**Problem description**
Nothing but the records, repeated word for word and free of pictures, belongs in the answer.

**Dataset excerpts**
-------------------------

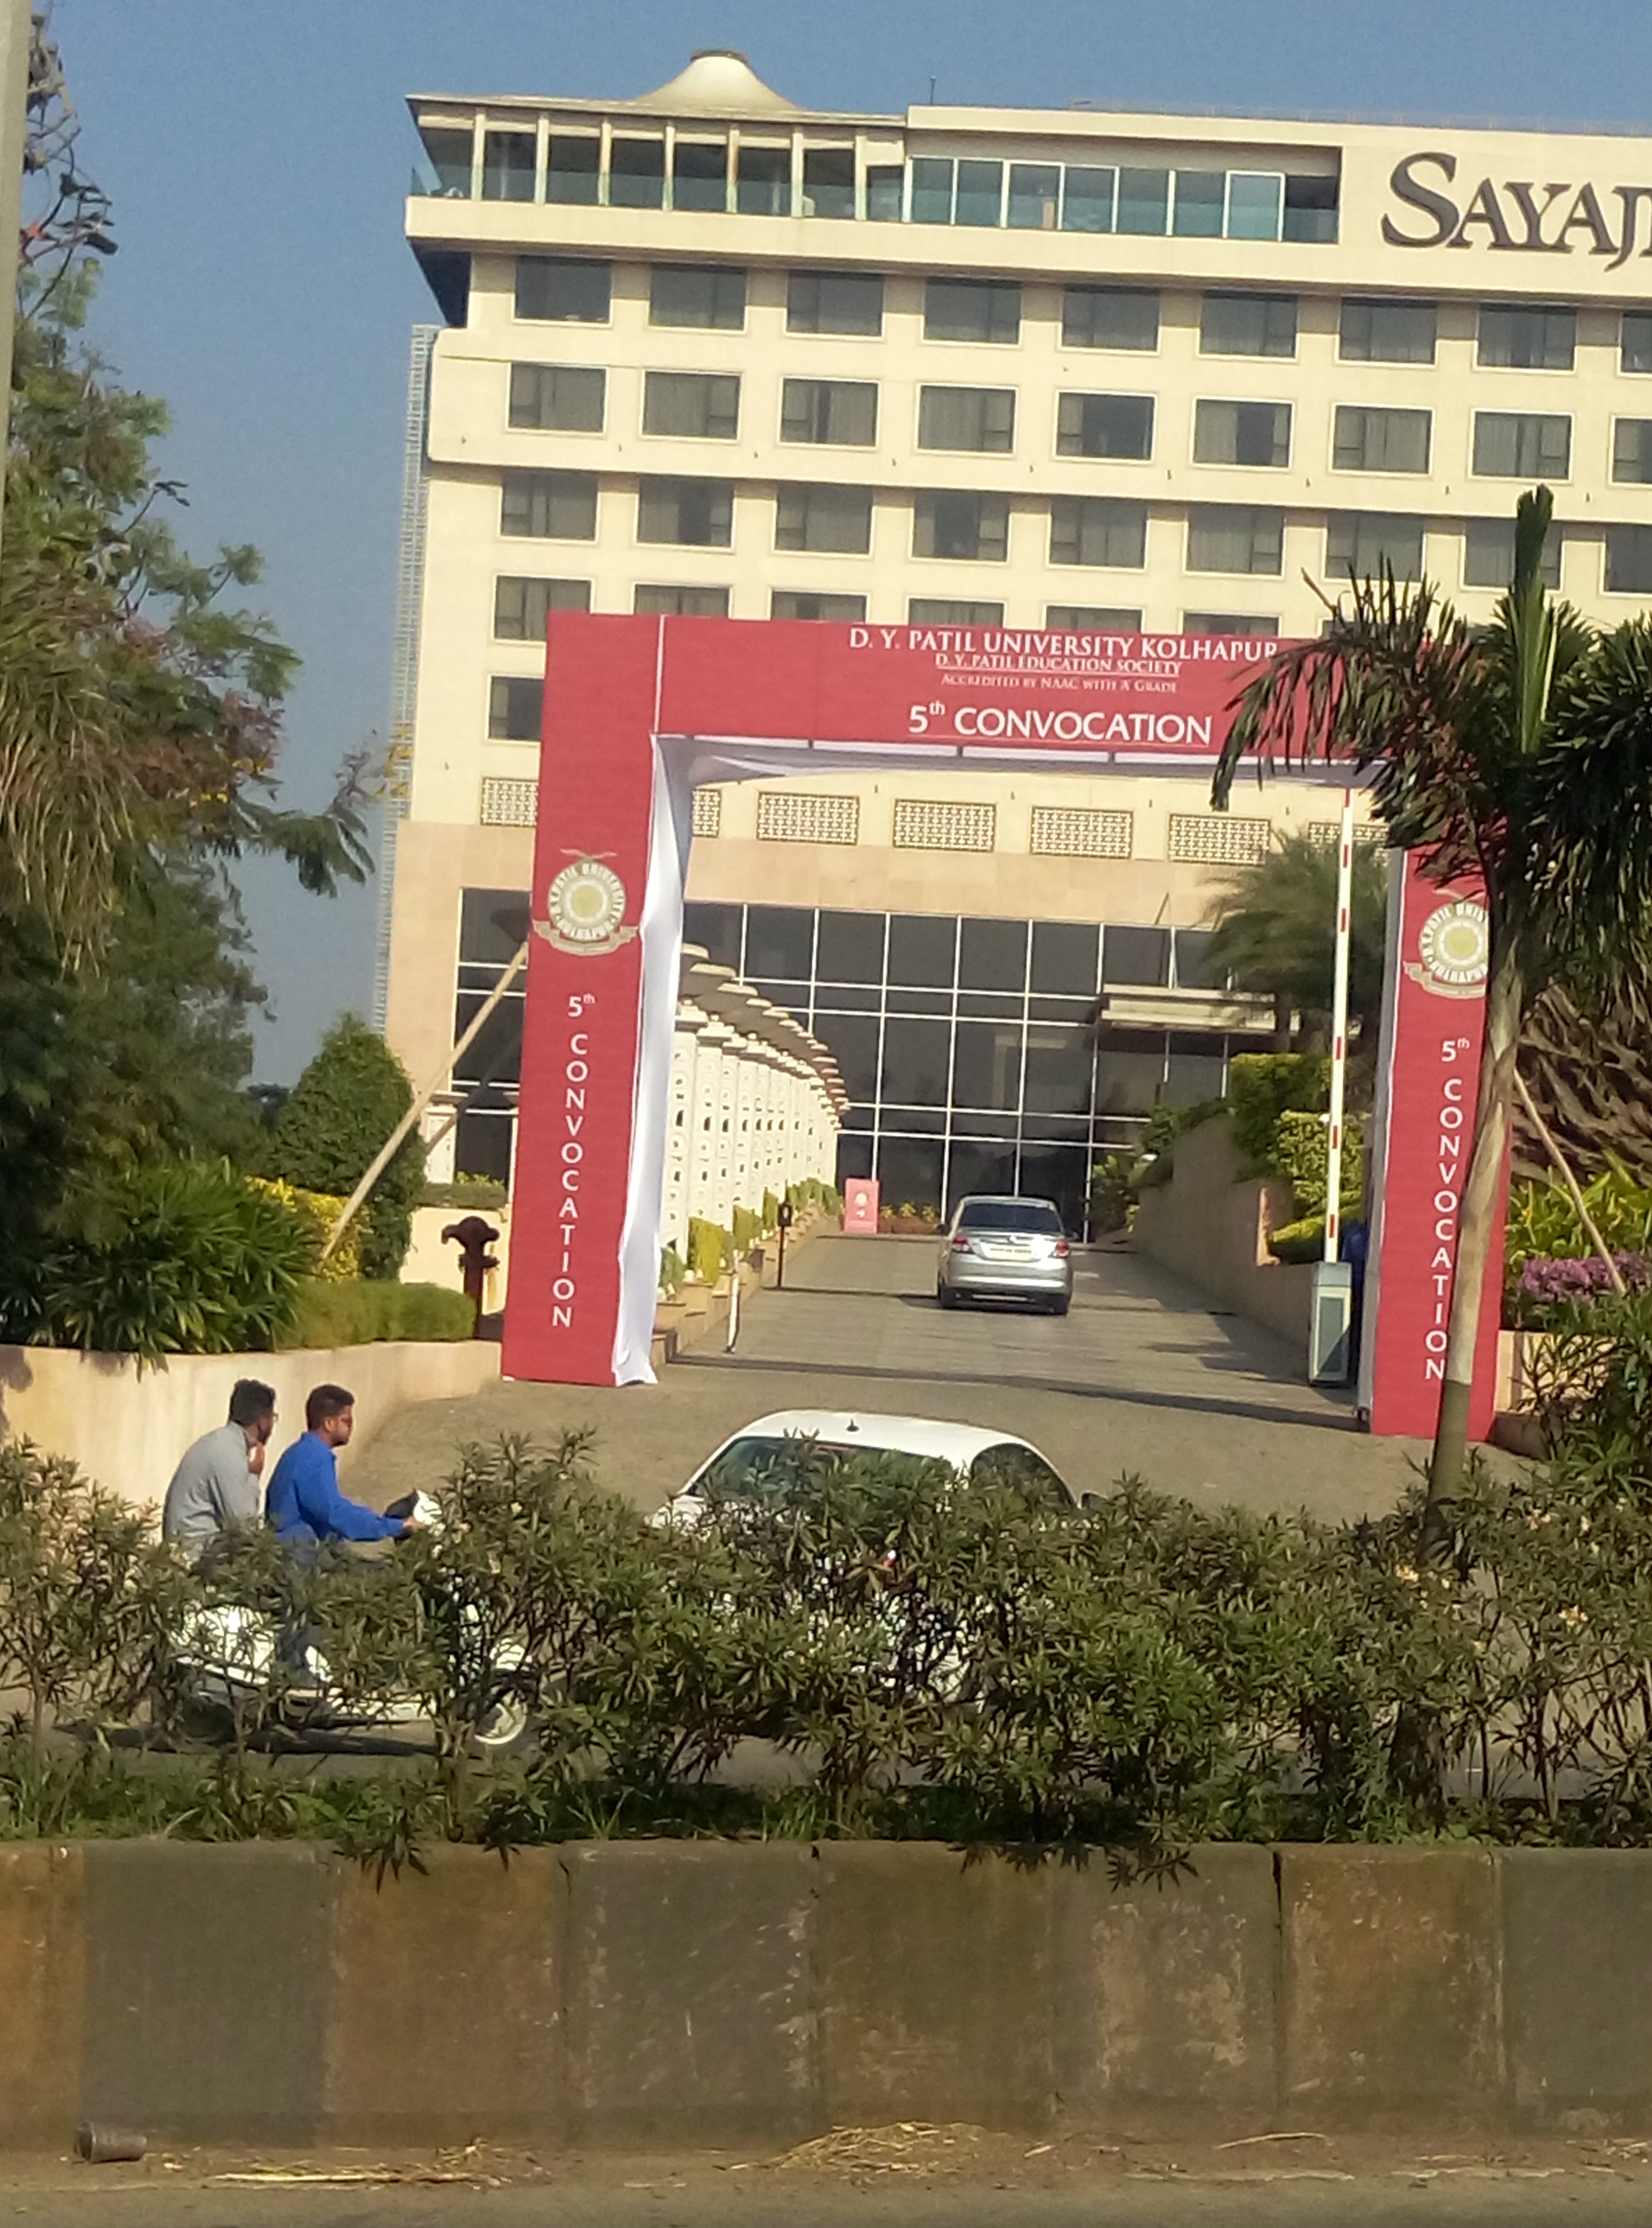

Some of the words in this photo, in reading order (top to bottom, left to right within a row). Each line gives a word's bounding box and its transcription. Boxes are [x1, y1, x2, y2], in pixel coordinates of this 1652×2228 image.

[850, 628, 874, 649] D.
[881, 628, 901, 650] Y.
[909, 630, 976, 653] PATIL
[983, 632, 1135, 657] UNIVERSITY
[972, 654, 1011, 669] PATIL
[1017, 656, 1112, 672] EDUCATION
[1116, 659, 1182, 675] SOCIETY
[908, 700, 946, 733] 5th
[954, 707, 1212, 744] CONVOCATION
[568, 993, 596, 1018] 5th
[1441, 1037, 1471, 1062] 5th

-------------------------

**Answer for the task**
Some of the words in this photo, in reading order (top to bottom, left to right within a row). Each line gives a word's bounding box and its transcription. Boxes are [x1, y1, x2, y2], in pixel coordinates of this 1652×2228 image.

[850, 628, 874, 649] D.
[881, 628, 901, 650] Y.
[909, 630, 976, 653] PATIL
[983, 632, 1135, 657] UNIVERSITY
[972, 654, 1011, 669] PATIL
[1017, 656, 1112, 672] EDUCATION
[1116, 659, 1182, 675] SOCIETY
[908, 700, 946, 733] 5th
[954, 707, 1212, 744] CONVOCATION
[568, 993, 596, 1018] 5th
[1441, 1037, 1471, 1062] 5th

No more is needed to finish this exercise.